One shows a crowd of smiling, well-dressed middle-aged German men and women standing casually as a Nazi officer smashes a storefront window. In another, brownshirts carry heaps of Jewish books, presumably for burning. Another image shows a Nazi officer splashing gasoline on the pews of a synagogue before it’s set alight.
Yad Vashem — The World Holocaust Remembrance Center released the photographs on the 84th anniversary of the November pogrom also known as Kristallnacht, or “The Night of Broken Glass.” Mobs of Germans and Austrians attacked, looted and burned Jewish shops and homes, destroyed 1,400 synagogues, killed 92 Jews and sent another 30,000 to concentration camps.
The violence is widely considered a starting point for the Holocaust, in which Nazi Germany murdered 6 million Jews.

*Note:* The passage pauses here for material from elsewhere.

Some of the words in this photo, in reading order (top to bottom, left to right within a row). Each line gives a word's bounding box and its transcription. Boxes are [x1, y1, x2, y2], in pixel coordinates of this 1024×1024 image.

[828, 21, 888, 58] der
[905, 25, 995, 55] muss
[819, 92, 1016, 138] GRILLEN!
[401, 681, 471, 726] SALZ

Jonathan Matthews, head of Yad Vashem’s photo archive, said the photos dispel a Nazi myth that the attacks were “a spontaneous outburst of violence” rather than a pogrom orchestrated by the state. Firefighters, SS special police officers and members of the general public are all seen in the photos participating in the Kristallnacht. The photographers themselves were an integral part of the events.

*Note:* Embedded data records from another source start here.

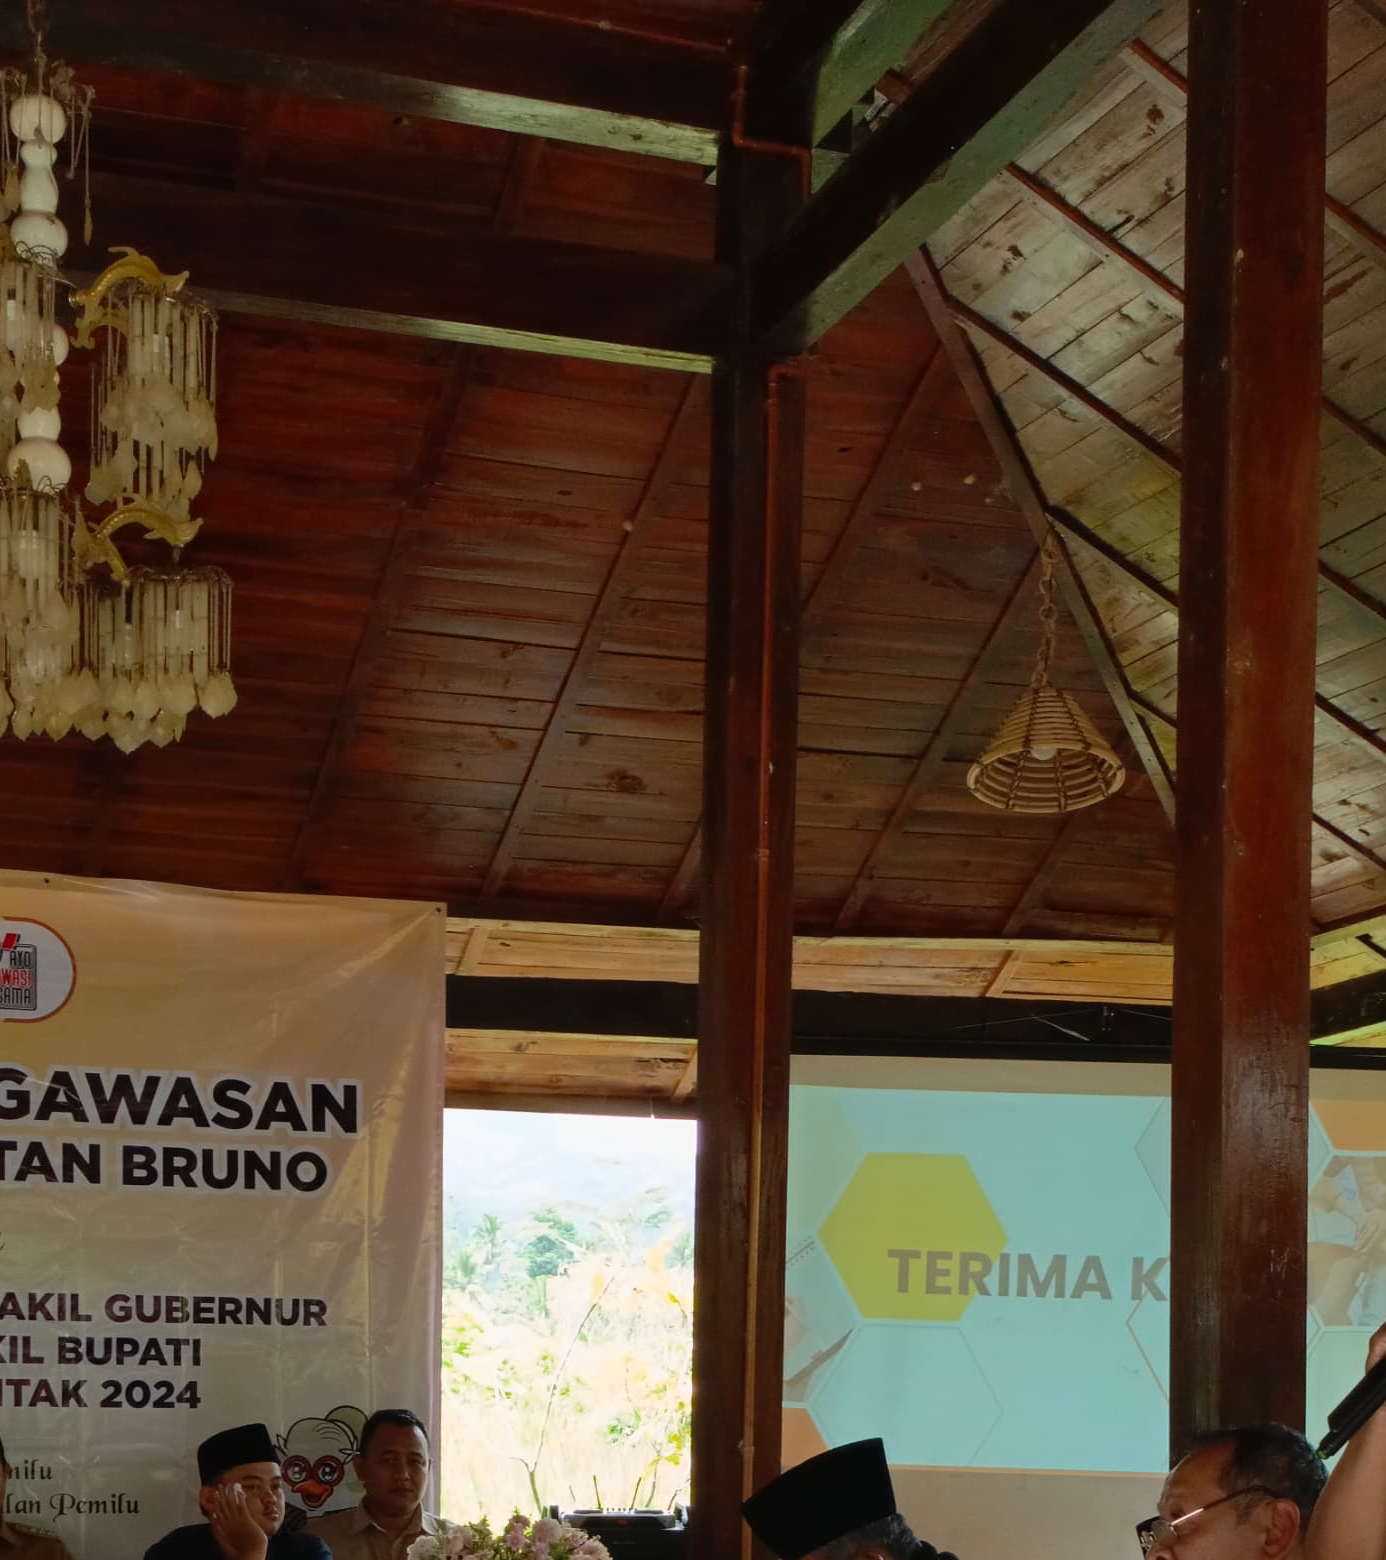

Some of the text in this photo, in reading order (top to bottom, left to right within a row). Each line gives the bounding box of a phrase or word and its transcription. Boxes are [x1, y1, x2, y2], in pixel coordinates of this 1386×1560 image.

[9, 950, 31, 968] AYO
[122, 1145, 328, 1192] BRUNO
[887, 1248, 1113, 1301] TERIMA
[104, 1294, 328, 1327] GUBERNUR
[57, 1336, 202, 1367] BUPATI
[99, 1380, 202, 1410] 2024
[49, 1493, 140, 1523] Pemilu

Matthews said these were the first photos he was aware of depicting actions taking place indoors, as “most of the images we have of Kristallnacht are images from outside.” Altogether, he said, the photos “give you a much more intimate image of what’s happening.”
The photos were taken by Nazi photographers during the pogrom in the city of Nuremberg and the nearby town of Fürth. They wound up in the possession of a Jewish American serviceman who served in Germany during World War II — how, precisely is uncertain, he never talked about them to his family.
His descendants, who declined to give his name, donated the album to Yad Vashem as part of the institution’s effort to collect Holocaust-era objects kept by survivors and their families.
Yad Vashem said the photos help demonstrate how the German public was aware of what was going on, and that the violence was part of a meticulously coordinated pogrom carried out by Nazi authorities. They even brought in photographers to document the atrocities.
Yad Vashem Chairman Dani Dayan said the photos will “serve as everlasting witnesses long after the survivors are no longer here to bear testimony to their own experiences.”
Despite Nazi censorship, The Associated Press was able to send pictures from Kristallnacht when it happened that were widely used in the U.S. The images included a burning synagogue, a youth preparing to clean up glass from a Jewish shop that had been vandalized, and people standing outside damaged shops in the aftermath of the attacks.